The French Council for Muslim Worship (CFCM) might legally end its activities on February 19 at an extraordinary general meeting organized for the occasion by the members of this organization. The authority, long interlocutor of the public authorities, which currently knows an atmosphere at the very least of the most agitated probably lives its last days.
Indeed, some of the good news tellers predict that the CFCM might even disintegrate these days in favor of a new body, the Forif, modeled on the German model and which will be announced next week by the government. As of tomorrow, Mohammed Moussaoui, elected head of the CFCM (French Council for Muslim Worship) in January 2020, will officially leave office. It is in principle Chems-eddine Hafiz rector of the Great Mosque of Paris, who was to succeed him for two years, under the terms of the agreement reached during the 2020 elections. In view of the current situation, we are far from it. In the meantime, the members of the CFCM office will continue their mission, in a collegial manner, until the holding of the said extraordinary general meeting, from which will result either a total overhaul of the institution (very unlikely), or its dissolution in favor of ‘another one.
A last burst which marks the end of an era for the representation of Islam in France which represents the second religion with the public authorities. On December 12, Gérald Darmanin described the representative body of the Muslim faith as ” death ” saying that, ” The CFCM, for the public authorities, no longer exists, is no longer the interlocutor of the Republic “. Several explanations have been put forward: the excessive influence of foreign countries, a ” consular islam “unbreakable in the eyes of the government, crystallized by the division of the member federations of the CFCM, three of which refused to sign a charter attesting to the compatibility of Islam in France with the “values of the Republic”. The federations in question, the Coordinating Committee of Turkish Muslims in France (CCMTF), the Muslim association Millî Görüş, close to Turkey and Faith & Practice, have since returned, a little late we will say, to their position, and agreed to sign the charter on December 25, 2021 but without success.
Still, on February 19, 2022, we should act or formalize the dissolution of the CFCM and the situation is not without being sad in view of the press releases and blows from its members or ex-members who have left or not , the wrecked boat. On the one hand we have the resistants (the Great Mosque of Paris, the French Federation of Islamic Associations of Africa, the Comoros and the West Indies, Muslims of France and the Rally of Muslims of France) and on the other, the four federations who remained there (the Union of French Mosques, the Coordinating Committee of Turkish Muslims in France, the Islamic Confederation Milli Gorus France and Faith and Practice).
For the time being, it has been announced that from January 20 the CFCM will be led by a collegiate presidency made up of the two vice-presidents who have not resigned from the office. The date of this general meeting has been set for February 19, the sole agenda of which will be the vote on the following resolution: “Dissolution of the CFCM to allow actors of the Muslim faith at the local level to set up a new form of democratic representation of the Muslim faith”.
For the French Executive, there is no question of dissolving the association as such, but of gradually replacing it with a more efficient organization that is more in line with the stated objectives of the government. As Emmanuel Macron confirmed on January 5, a Forum for Islam in France (Forif) is regarding to be created, which will rely on representatives of the Muslim faith previously identified to participate in the territorial foundations of the Islam of France, the latest of which date from the spring of 2021. Paradoxically, if the current president of the CFCM opposes the comments made by Gérald Darmanin, he agrees on this point with the will of the government. “ The CFCM, as it exists today, is no longer viable and cannot be reformed from within, so from this point of view, the initiative of the public authorities is in line with the reform proposal that I have -even formulated from 2017 ».

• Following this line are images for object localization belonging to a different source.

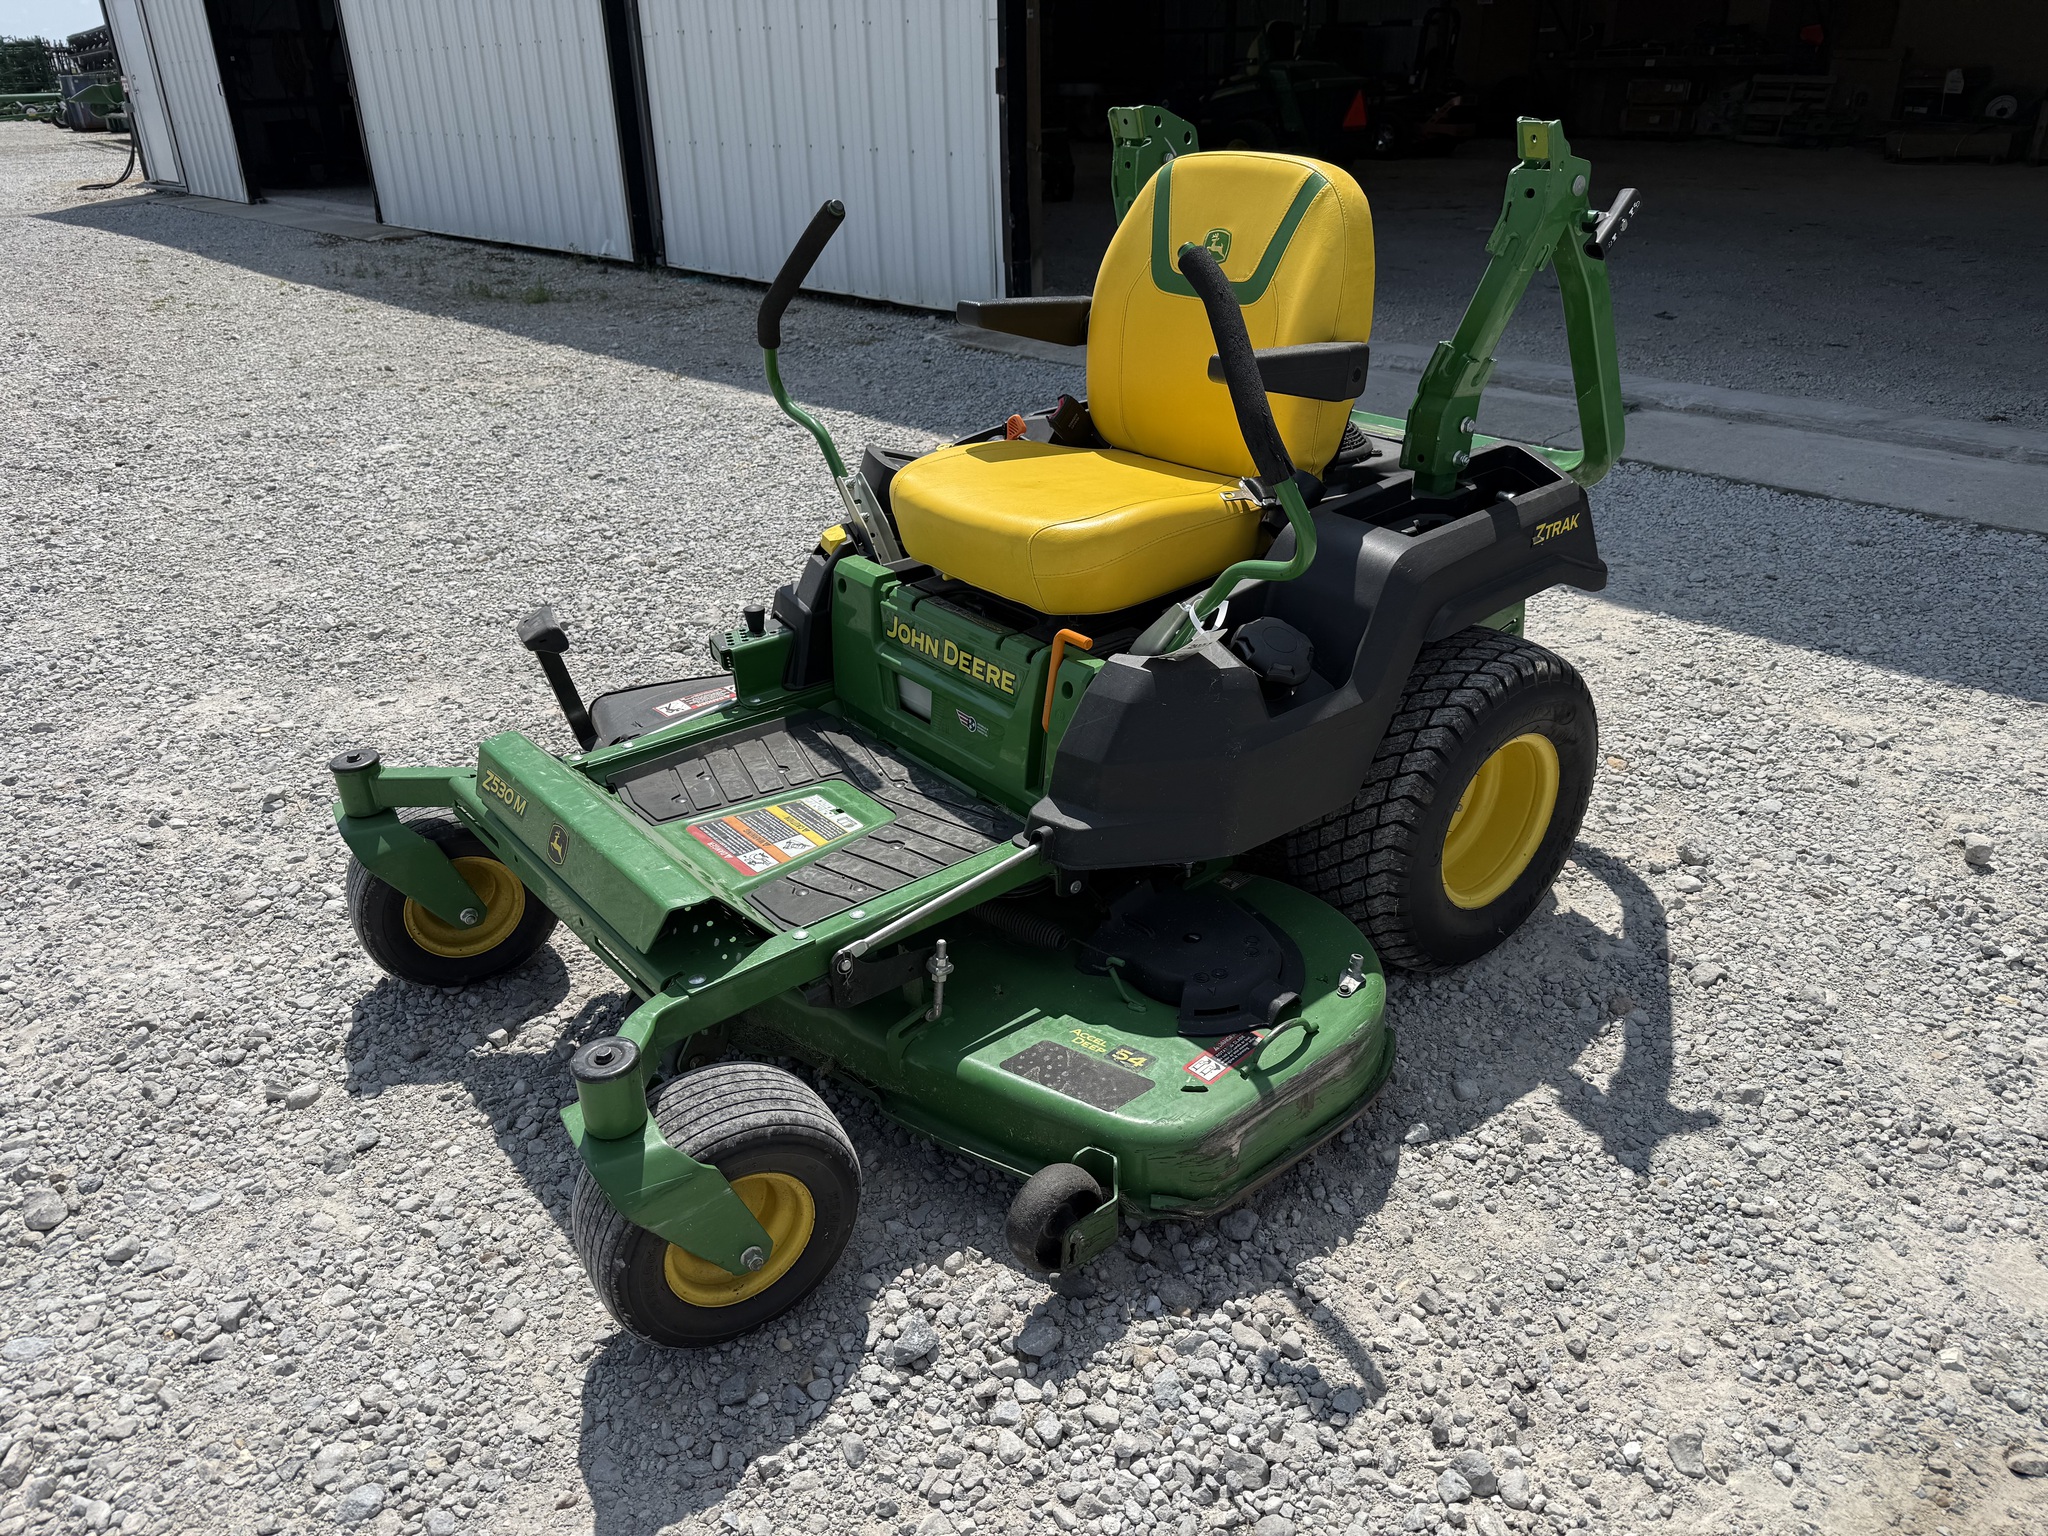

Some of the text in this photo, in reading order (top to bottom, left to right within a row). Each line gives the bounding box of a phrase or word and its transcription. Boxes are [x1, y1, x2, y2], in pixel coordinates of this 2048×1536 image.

[887, 616, 939, 659] JOHN
[943, 640, 1016, 695] DEERE
[482, 769, 527, 816] Z530 M
[707, 840, 726, 857] DANGER
[1071, 1029, 1107, 1048] ACCEL
[1071, 1036, 1108, 1054] DEEP
[1112, 1048, 1148, 1068] 54
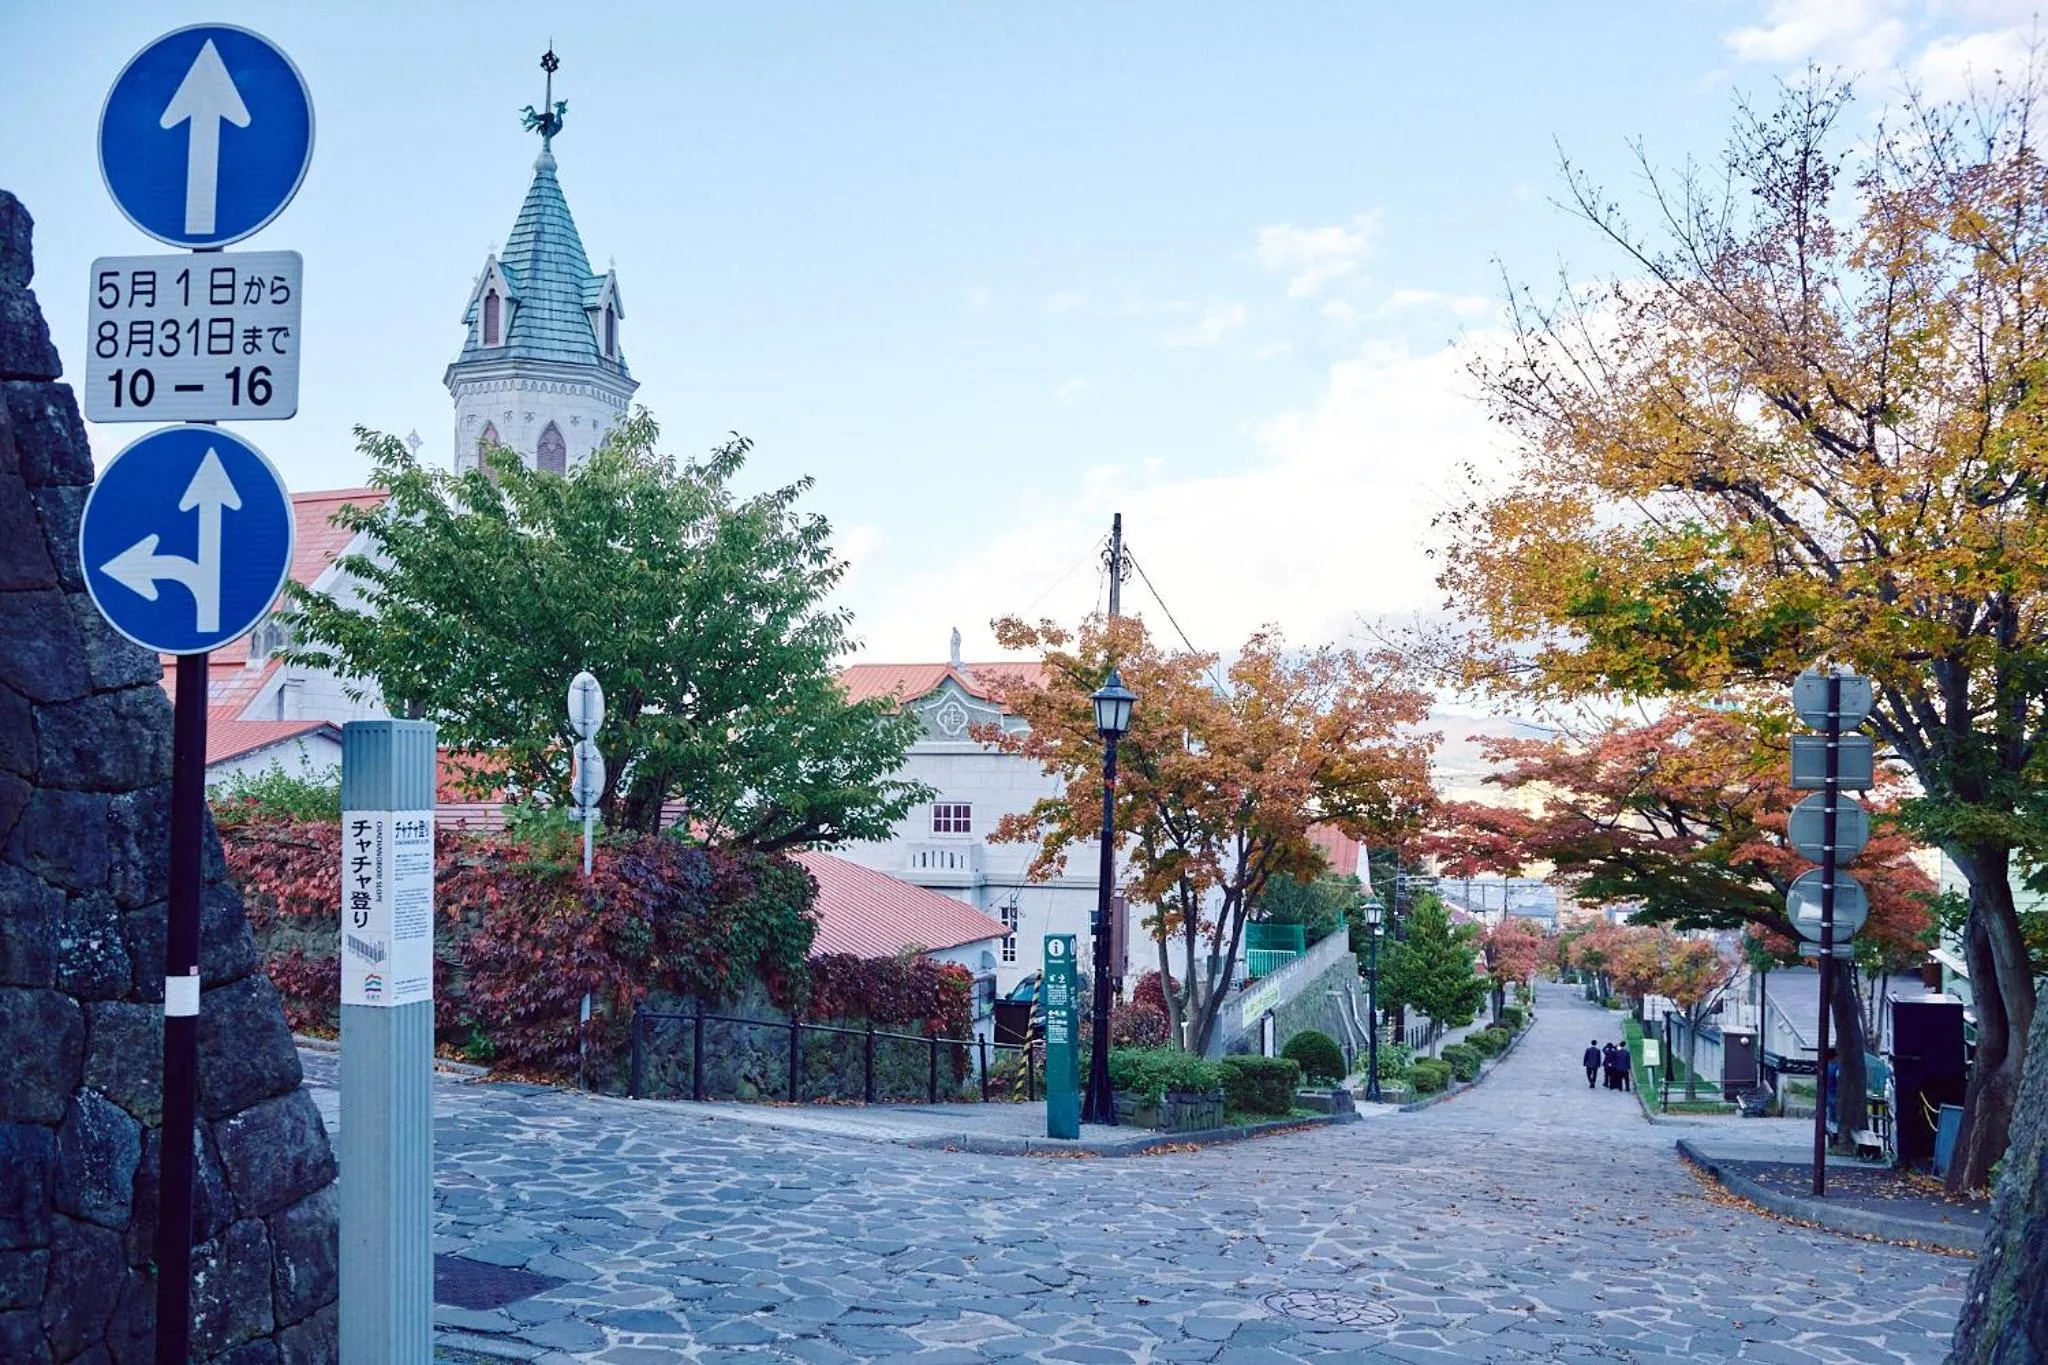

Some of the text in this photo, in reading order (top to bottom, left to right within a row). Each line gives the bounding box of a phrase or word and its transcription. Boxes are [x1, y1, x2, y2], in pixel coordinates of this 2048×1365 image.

[98, 267, 291, 310] 5月1日から
[96, 317, 290, 359] 8月31日まで
[108, 368, 155, 408] 10
[225, 365, 273, 407] 16
[351, 819, 372, 929] チャチャ登り
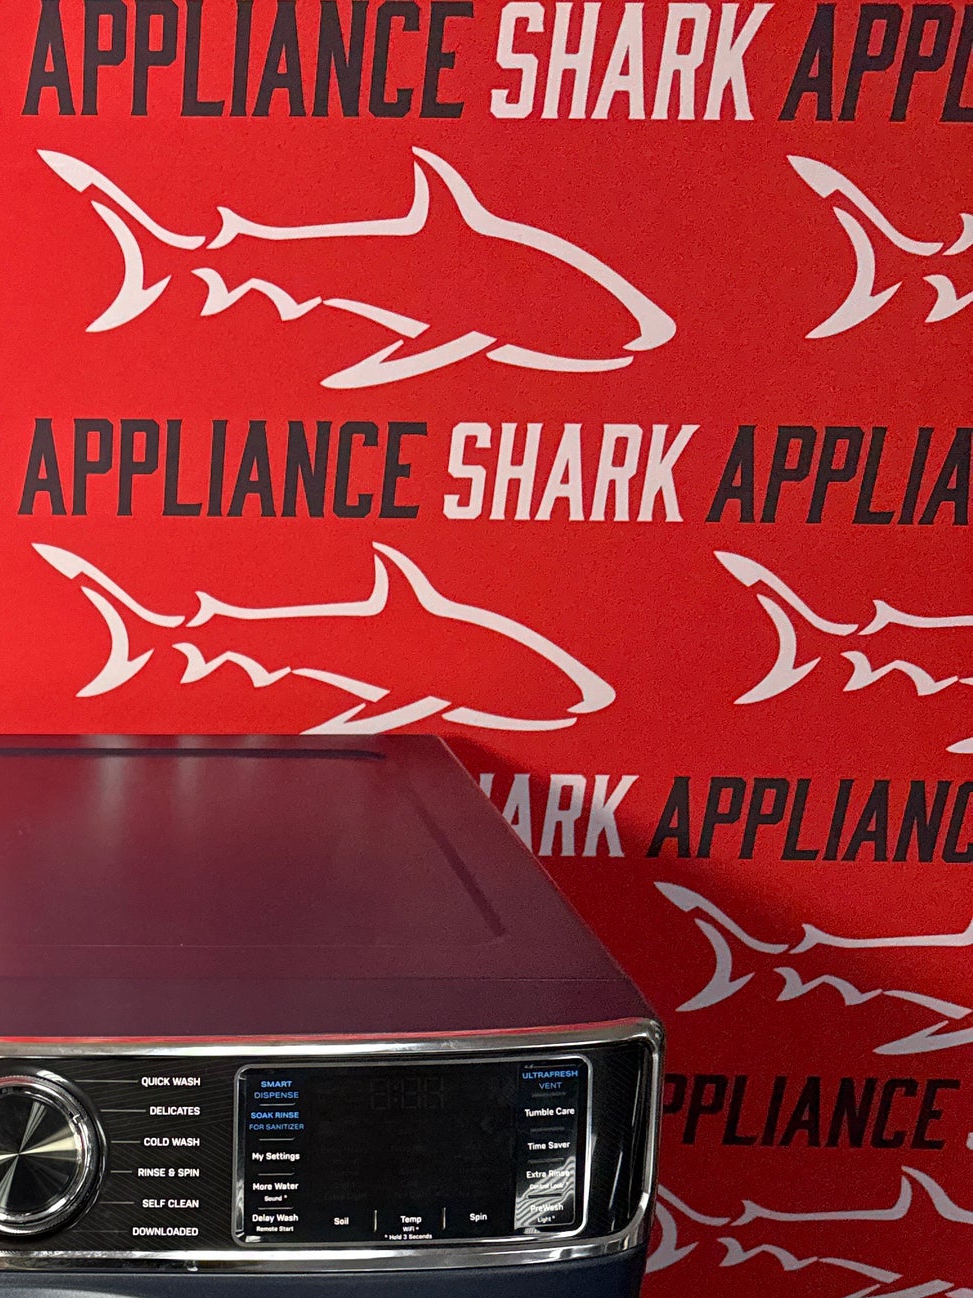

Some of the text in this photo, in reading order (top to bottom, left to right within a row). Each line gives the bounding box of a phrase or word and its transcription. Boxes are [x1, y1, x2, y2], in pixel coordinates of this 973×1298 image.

[22, 0, 465, 119] APPLIANCE
[490, 2, 765, 120] SHARK
[18, 418, 428, 520] APPLIANCE
[443, 422, 701, 522] SHARK
[479, 773, 640, 858] ARK
[522, 1069, 579, 1080] ULTRAFRESH
[141, 1077, 201, 1087] QUICK WASH
[260, 1080, 293, 1088] SMART
[538, 1081, 563, 1090] VENT
[253, 1091, 300, 1099] DISPENSE
[149, 1106, 201, 1116] DELICATES
[250, 1111, 300, 1119] SOAK RINSE
[524, 1106, 575, 1117] Tumble Care
[249, 1122, 305, 1131] FOR SANITIZER
[143, 1137, 200, 1147] COLD WASH
[527, 1140, 571, 1150] Time Saver
[251, 1151, 301, 1162] My Settings
[137, 1168, 200, 1177] RINSE & SPIN
[252, 1182, 299, 1191] More Water
[142, 1199, 200, 1209] SELF CLEAN
[251, 1213, 299, 1223] Delay Wash
[333, 1216, 350, 1226] Soil
[400, 1215, 423, 1225] Temp
[469, 1212, 488, 1223] Spin
[132, 1227, 199, 1236] DOWNLOADED
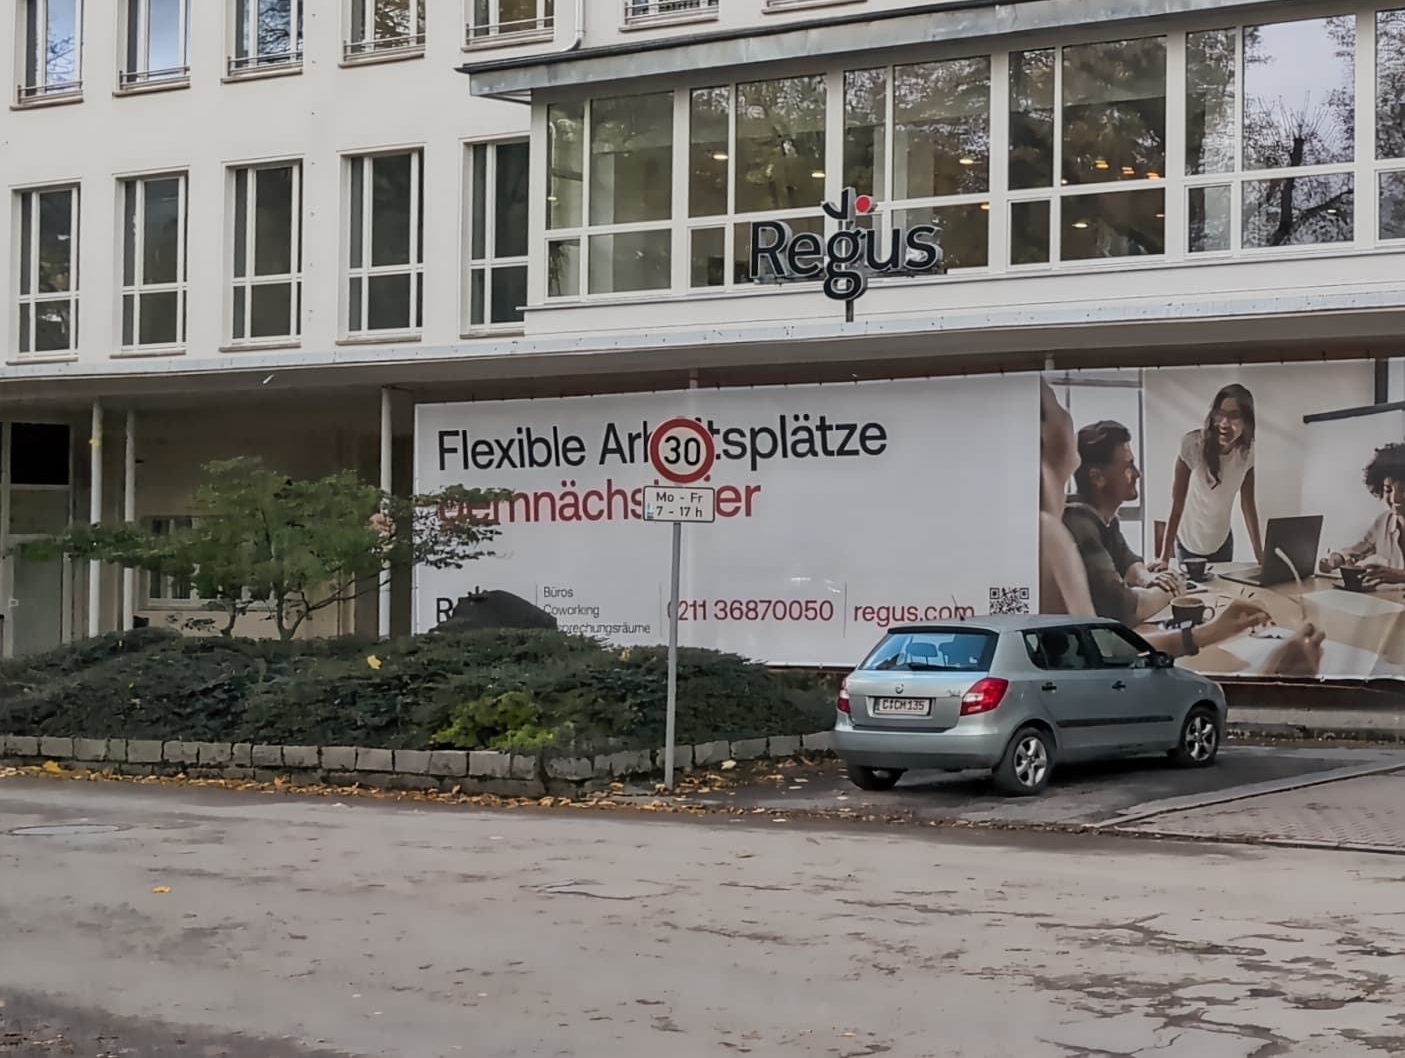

Indeed, the Forif, wanted by the government, would emanate more from the field. A desire that joins that of Mohammed Moussaoui, whose proposal for the “departmentalization” of the CFCM was blocked in July 2021 due to internal disputes within the body. But whose intention was the same: on the one hand, to make the CFCM more legitimate by giving a voice to members from civil society, including women, and more aware of the realities on the ground at the local, and on the other hand ” get rid of the tutelage of the federations and references to the countries of origin “. summarized Moussaoui.